The concern for individual privacy has been growing since the 19th century when the mass dissemination of newspapers and photography became commonplace. The concerns we had then -- the right to be left alone and the right to keep private what we choose to keep private -- are now echoed in conversations carried on today about data security and privacy carried on today.
The contemporary conversation about privacy has centered on, and ironically also has been promulgated by, the technology that’s become part of our daily life. Computer technology in particular, including the internet, mobile devices, and the development of machine learning, has enriched our lives in many ways. However, the advances of these and other technologies have grown partly due to the collection of enormous amounts of personal information. Today we must ask if the benefits, both individual and societal, are worth the loss of some semblance of individual privacy on a large scale.
Keep in mind that privacy is not the same as secrecy. When we use the bathroom, everyone knows what we're doing, so there's no secret. However, our use of the bathroom is still very much a private matter. On the other hand, credit card information, for most people, is considered a secret. Though some of the data that's commonly collected today might not necessarily be secret, we still must grapple with issues of privacy, or, in other words, we must grapple with the right to share or keep hidden information about ourselves.
An exhaustive look at the rights of the individual with regard to privacy would take volumes to analyze it's cultural, legal, and deeply philosophical foundation, but today we find ourselves doing just that. Our favorite technology services collect a tremendous amount of information about us with what we hope are well-intentioned motives. Sometimes this is done unwittingly, such as when browsing our history, or when our IP address is recorded. Sometimes these services invite us to share information, such as when we are asked to complete an online profile for a social media website.

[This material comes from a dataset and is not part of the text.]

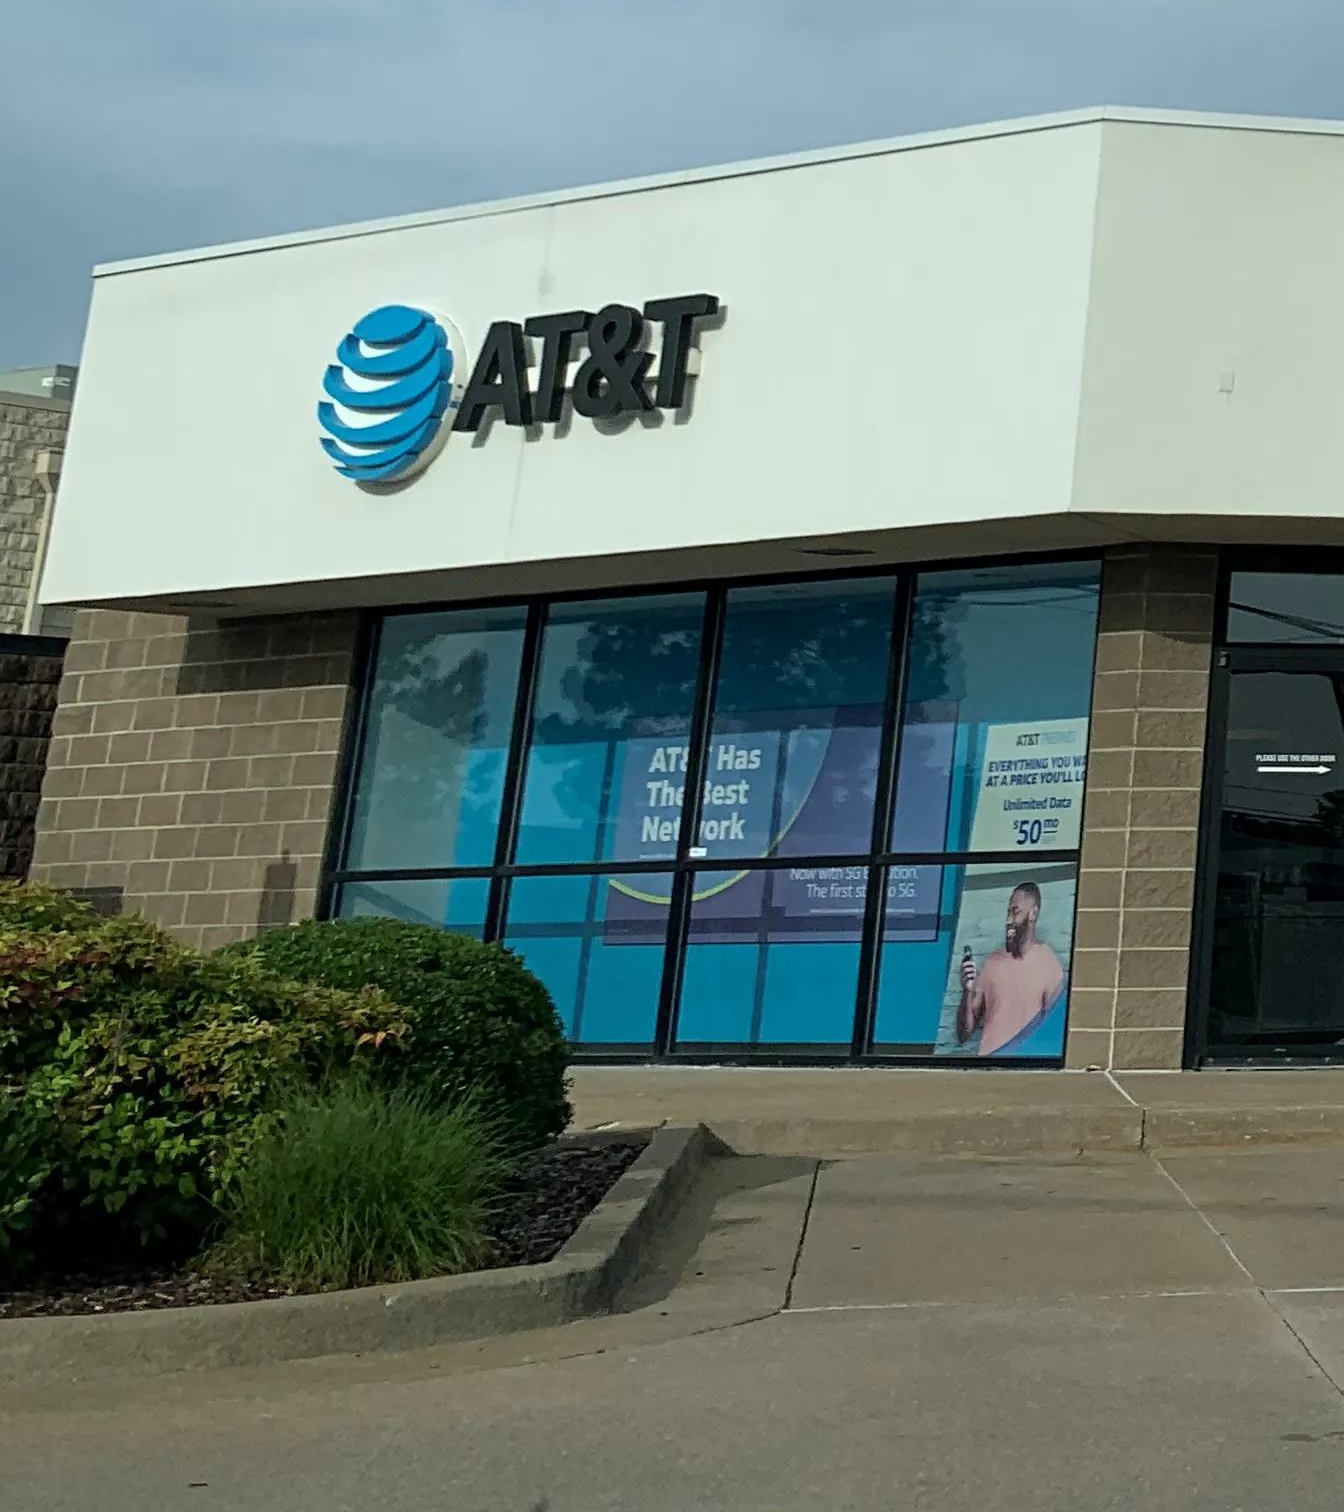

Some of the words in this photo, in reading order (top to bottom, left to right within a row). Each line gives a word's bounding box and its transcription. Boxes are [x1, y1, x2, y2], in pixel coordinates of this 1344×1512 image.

Seeking to provide better products and services to customers is a worthy endeavor for a company, but concerns arise when a company doesn't secure our personal information, which puts our cherished privacy at risk. In terms of government entities and nation-states, the issue becomes more complex. The balance between privacy and security, between the rights of the individual and the safety of a society, has been the cause of great strife and even war.

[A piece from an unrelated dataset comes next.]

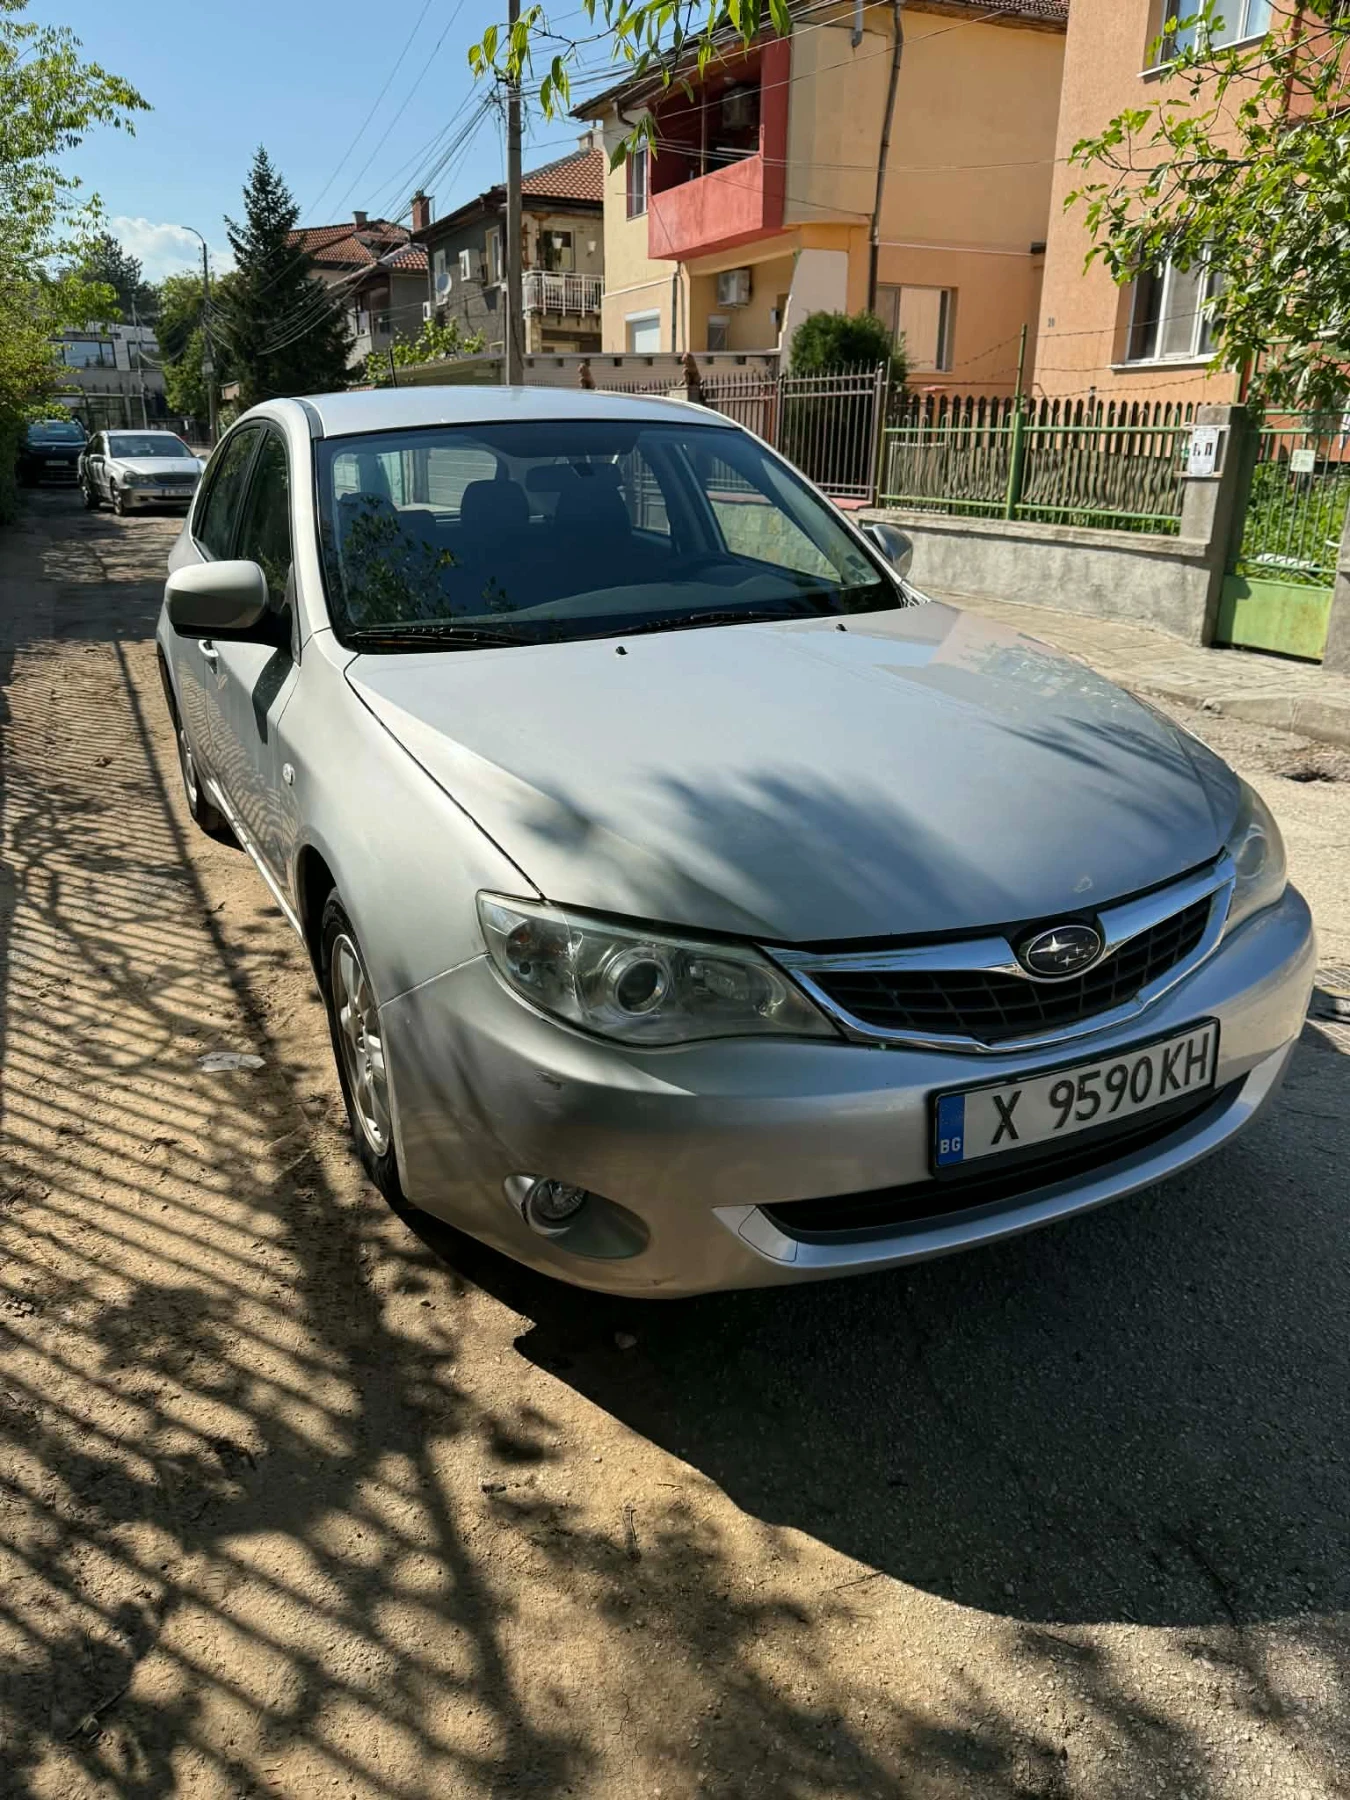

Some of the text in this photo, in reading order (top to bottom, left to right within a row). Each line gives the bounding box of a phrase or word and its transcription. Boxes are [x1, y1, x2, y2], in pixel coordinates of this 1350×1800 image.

[990, 1032, 1211, 1145] X 9590 KH
[940, 1136, 961, 1154] BG

Today's technology exacerbates this concern and fuels the fire of debate. We're typically very willing to share personal information with social media websites and in the case of retail institutions, such as e-commerce websites and online banks, secret information. Though this is data we choose to give, we do so with an element of trust that these institutions will handle our information in such a way as to sufficiently ensure its safety and our privacy.

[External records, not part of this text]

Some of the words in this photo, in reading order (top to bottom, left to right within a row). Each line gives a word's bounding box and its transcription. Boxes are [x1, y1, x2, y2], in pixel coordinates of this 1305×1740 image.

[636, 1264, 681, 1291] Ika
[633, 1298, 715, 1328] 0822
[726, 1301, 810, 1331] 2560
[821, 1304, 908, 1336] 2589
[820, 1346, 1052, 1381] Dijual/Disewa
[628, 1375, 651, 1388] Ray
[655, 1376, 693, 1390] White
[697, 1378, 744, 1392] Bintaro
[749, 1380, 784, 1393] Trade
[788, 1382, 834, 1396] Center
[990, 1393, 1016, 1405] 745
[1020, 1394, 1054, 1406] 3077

Therein lies the problem. It's not that we're unwilling to share information, necessarily. The problem is with the security of that information.
In recent years, we’ve seen financial institutions, retail giants, hospitals, e-commerce companies, and the like all fall prey to cyber attacks that put our private and sometimes secret information at risk of compromise.
Netflix knows our credit card information.
Facebook knows our birthday, religion, sexual preference, and what we look like.
Google knows the content of our email.
Many mobile app makers know our exact geographic location.
Mortgage lenders know our military history and our disability status.
Our nations know our voting history and political affiliation.
We almost need to share this information to function in today's society. Sure, we could drop off the grid, but except for that sort of dramatic lifestyle change, we've come to rely on email, e-commerce, electronic medical records, online banking, government collection of data, and even social media.
Today, organizations, including our own employers, store information of all types, including our personal information, in distributed databases sometimes over the world. This brings in another layer of complexity. With globally distributed information, we must deal with competing cultures, values, and laws that govern the information stored within and traversing national borders.
The security of our information, and therefore the control of our privacy, is now almost completely out of our hands, and it's getting worse.
Those of us working in technology might respond by investing in secure, encrypted email services, utilizing password best practices, and choosing to avoid websites that require significant personal information. But even we, as technology professionals, use online banking, hand over tremendous private and secret information to our employers, and live in nations in which our governments collect, store, and analyze personal data on a consistent basis.
The larger society seems to behave similarly. There may be a moment of hesitation when entering our social security number in an online application; nevertheless, we enter and submit it. Private and public institutions have reacted to this by developing both policy and technological solutions to mitigate the risk associated with putting our personal information out there. Major components of HIPAA seek to protect individuals' medical information. PCI-DSS was created to protect individuals' credit card information in an effort to reduce credit card fraud. Many websites are moving away from unencrypted HTTP to encrypted HTTPS.
So it seems the climate of data security doesn't seem to be centered much on limiting the collection of information. The benefit we gain from data collection and analysis precludes our willingness to stop sharing our personal and secret information. Instead, attention is given to securing information and developing cultural best practices to protect ourselves from malicious people and insecure technology. The reaction, by and large, hasn't been to share less, but to better protect what we share.
In mid-2017, we see reports of cyber attacks and data breeches almost daily. These are the high-profile attacks that make the headlines, so imagine how much malicious activity is actually going on. It's clear that the current state of data security and therefore our privacy is in a state of peril. Cyber attacks and their subsequent breeches are so commonplace that they've become part of our popular culture.
That aspect of data security is getting worse exponentially, and since we're mostly unwilling or unable to stop sharing personal information, we must ensure that our technology and cultural practices also develop exponentially to mitigate that risk.